St. Luke's College of Nursing, Trinity University of Asia, Quezon, Philippines.
Psychol Res Behav Manag. 2024 Dec 25;17:4413-4429. doi: 10.2147/PRBM.S498396. eCollection 2024.
Suicidal mortality is high in rural areas, and suicidal ideation, an early psychology of suicidal behavior, is particularly important for the early prevention and intervention of suicide. This study aimed to establish a nomogram model to predict high-risk groups among rural adolescents who might develop suicidal ideation.

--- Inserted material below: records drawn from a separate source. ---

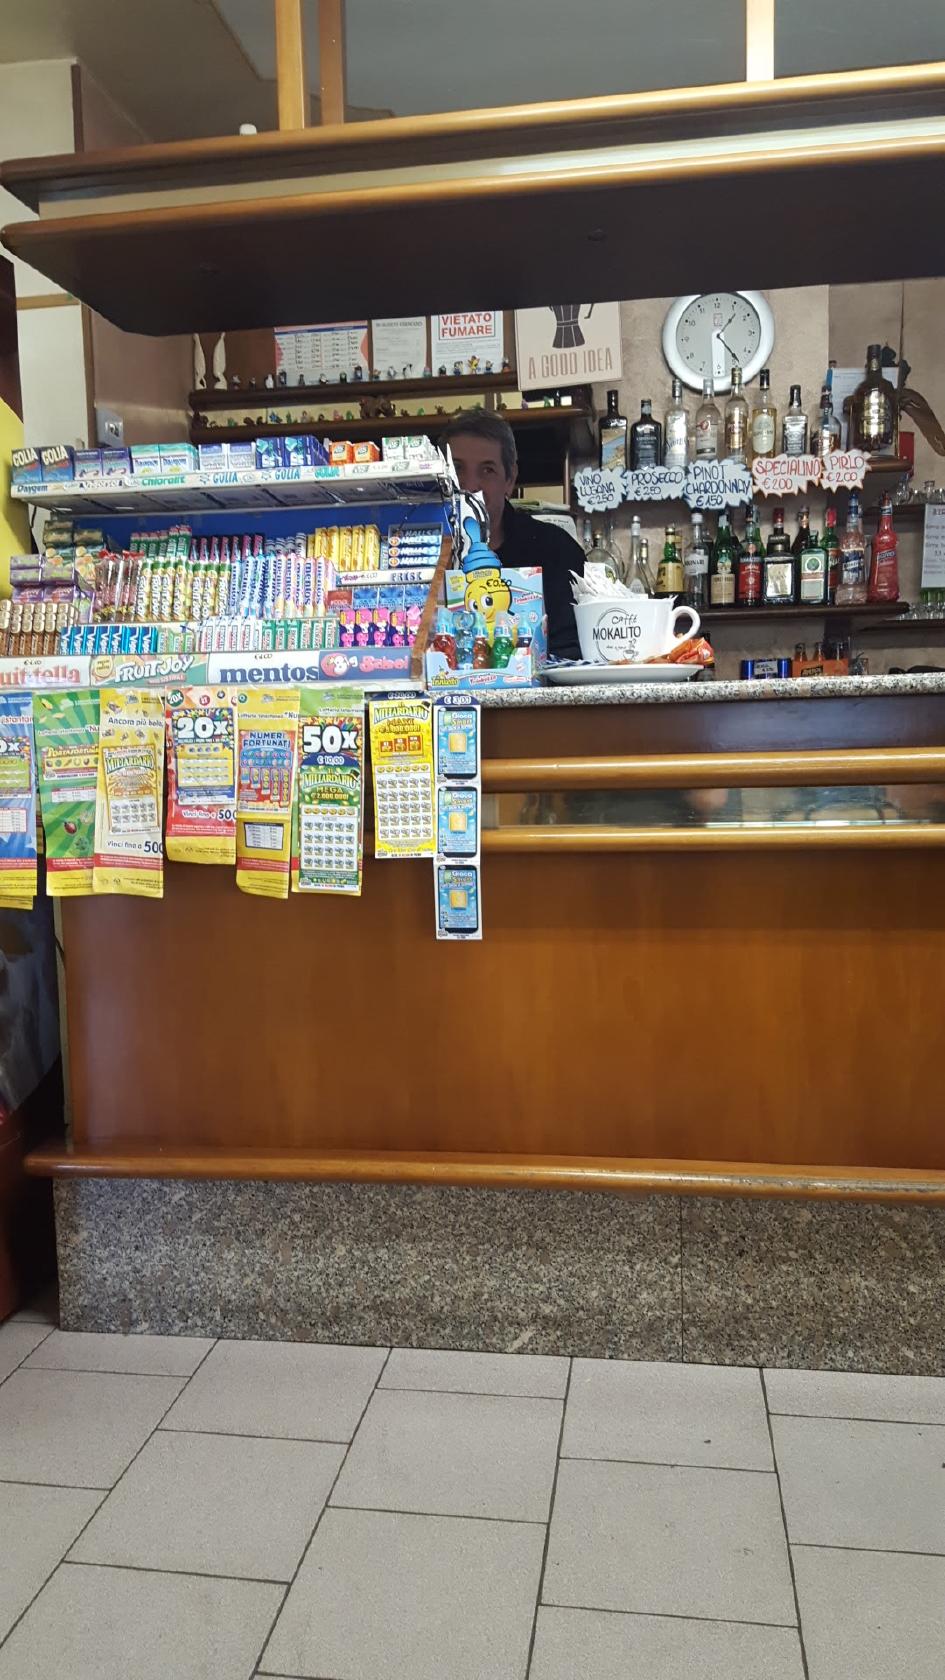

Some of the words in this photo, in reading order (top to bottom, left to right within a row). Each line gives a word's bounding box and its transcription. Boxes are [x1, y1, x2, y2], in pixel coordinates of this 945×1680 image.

[441, 313, 492, 327] VIETATO
[441, 324, 493, 338] FUMARE
[528, 356, 537, 380] A
[541, 352, 577, 378] GOOD
[583, 347, 613, 373] IDEA
[756, 459, 820, 476] SPECIALINO
[830, 455, 864, 470] PIRLO
[580, 473, 601, 486] VINO
[632, 471, 683, 486] PROSECCO
[693, 464, 728, 480] PINOT
[686, 479, 751, 495] CHARDONNAY
[592, 626, 641, 640] MOKALITO
[219, 663, 319, 683] mentos
[243, 739, 291, 748] FORTUNATI
[303, 725, 358, 753] 50x

This study conducted a cross-sectional survey of 1900 rural secondary school students in Xuzhou, China. The samples were randomly divided into a training set (1330) and a validation set (570), and a nomogram prediction model was constructed using the potential predictors of suicidal ideation screened from the training set using Lasso-Logistic regression. The model was validated using ROC, calibration, and clinical decision curves.

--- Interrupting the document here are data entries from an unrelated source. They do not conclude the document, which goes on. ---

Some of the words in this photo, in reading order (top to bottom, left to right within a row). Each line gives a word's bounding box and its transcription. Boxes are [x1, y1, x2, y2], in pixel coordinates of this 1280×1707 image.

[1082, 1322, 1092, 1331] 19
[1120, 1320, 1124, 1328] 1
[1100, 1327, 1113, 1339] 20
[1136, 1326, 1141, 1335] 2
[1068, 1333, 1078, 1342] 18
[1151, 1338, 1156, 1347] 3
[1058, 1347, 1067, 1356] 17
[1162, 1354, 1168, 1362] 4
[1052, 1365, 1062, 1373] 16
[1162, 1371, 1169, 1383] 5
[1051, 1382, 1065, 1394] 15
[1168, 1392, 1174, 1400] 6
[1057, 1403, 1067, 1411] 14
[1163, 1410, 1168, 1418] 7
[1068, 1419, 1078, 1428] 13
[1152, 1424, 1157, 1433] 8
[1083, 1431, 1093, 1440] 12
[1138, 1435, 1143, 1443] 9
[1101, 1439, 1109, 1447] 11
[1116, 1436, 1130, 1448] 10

The reported rate of suicidal ideation among rural adolescents is 18.9%. Lasso-Logistic regression found that emotional abuse, emotional neglect, hostility, subjective sleep quality, daytime dysfunction, withdrawal/escape, and depression were significant risk factors for suicidal ideation. A nomogram was built using the above 7 predictors. The area under the ROC curve (AUC) of our predictive model was 0.821 in the training set and 0.765 in the validation set, with corrected C-indices of 0.817 and 0.764, respectively. Furthermore, the calibration curves demonstrated good alignment with the ideal line ( > 0.05), and the decision curve analysis results indicated positive clinical utility.

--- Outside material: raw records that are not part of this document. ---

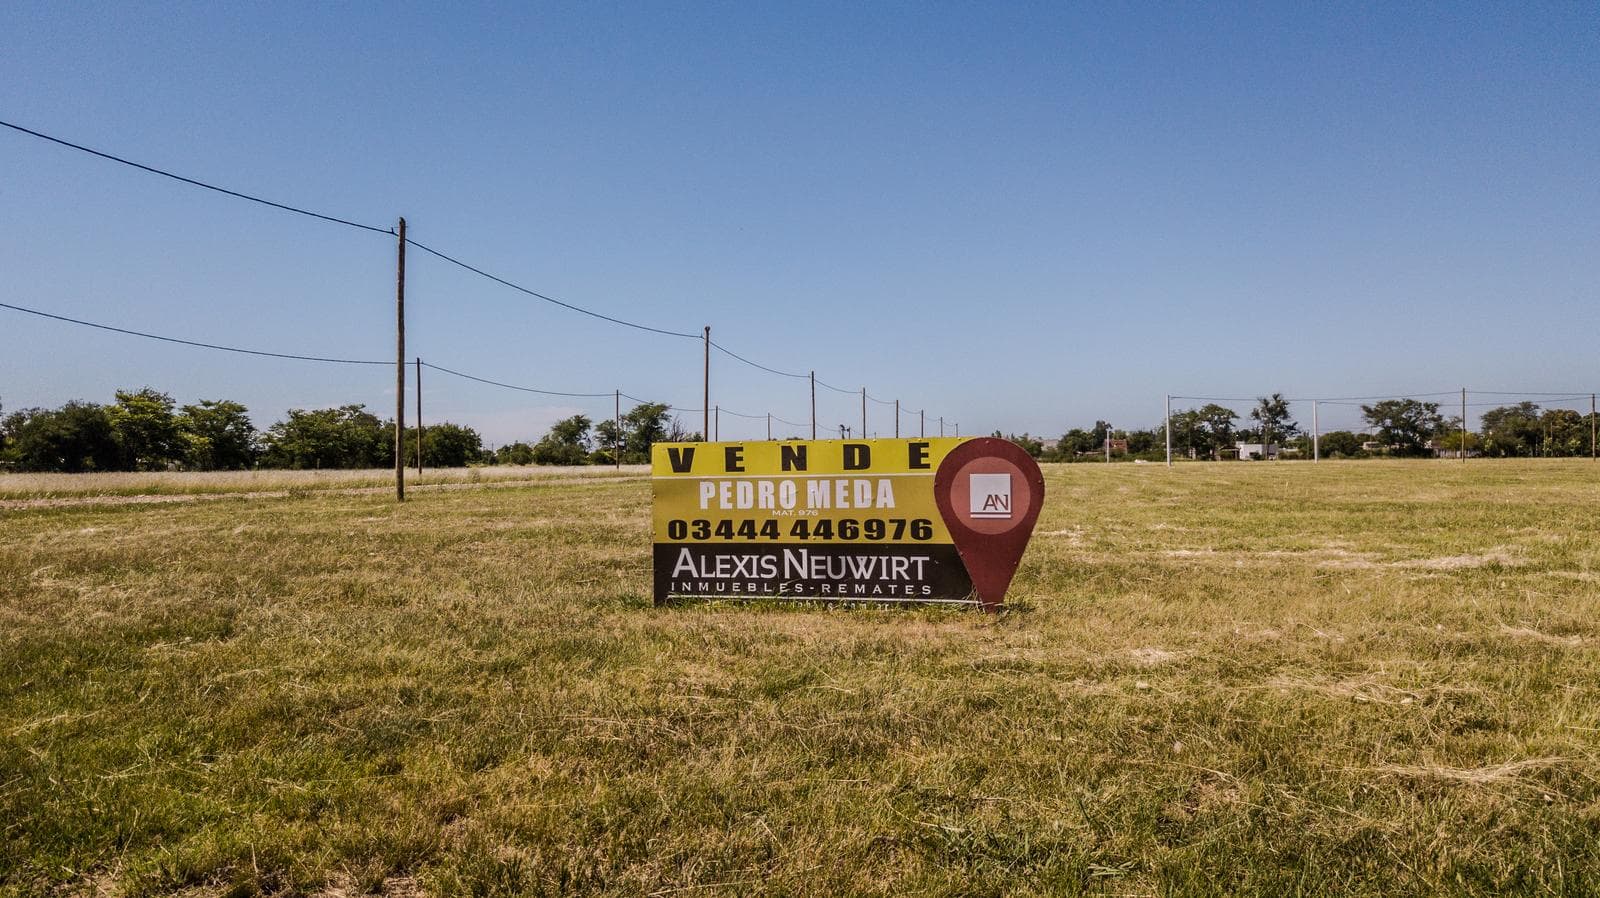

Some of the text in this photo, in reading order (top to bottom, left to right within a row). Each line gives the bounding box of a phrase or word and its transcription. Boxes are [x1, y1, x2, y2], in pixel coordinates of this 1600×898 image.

[667, 442, 931, 473] VENDE
[699, 479, 896, 510] PEDRO MEDA
[982, 494, 1009, 511] AN
[668, 519, 933, 540] 03444 446976
[671, 548, 930, 580] ALEXIS NEUWIRT

The nomogram model constructed in this study may be an effective tool for predicting suicidal ideation in rural middle school students. It helps identify high-risk groups with suicidal ideation and provides more reliable information for the early prevention and intervention of suicide.
农村地区自杀死亡率较高,自杀意念作为自杀行为的早期心理状态,对于自杀的早期预防和干预尤为重要。本研究旨在建立一个列线图模型,以预测可能出现自杀意念的农村青少年中的高危人群。
本研究对中国徐州的1900名农村中学生进行了横断面调查。样本被随机分为训练集(1330名)和验证集(570名),并使用Lasso-Logistic回归从训练集中筛选出自杀意念的潜在预测因素,构建列线图预测模型。使用ROC、校准和临床决策曲线对该模型进行验证。
农村青少年自杀意念报告率为18.9%。Lasso-Logistic回归发现,情感虐待、情感忽视、敌意、主观睡眠质量、日间功能障碍、退缩/逃避和抑郁是自杀意念的显著危险因素。使用上述7个预测因素构建了列线图。我们预测模型的ROC曲线下面积(AUC)在训练集中为0.821,在验证集中为0.765,校正后的C指数分别为0.817和0.764。此外,校准曲线与理想线显示出良好的一致性(>0.05),决策曲线分析结果表明具有积极的临床实用性。
本研究构建的列线图模型可能是预测农村中学生自杀意念的有效工具。它有助于识别有自杀意念的高危人群,并为自杀的早期预防和干预提供更可靠的信息。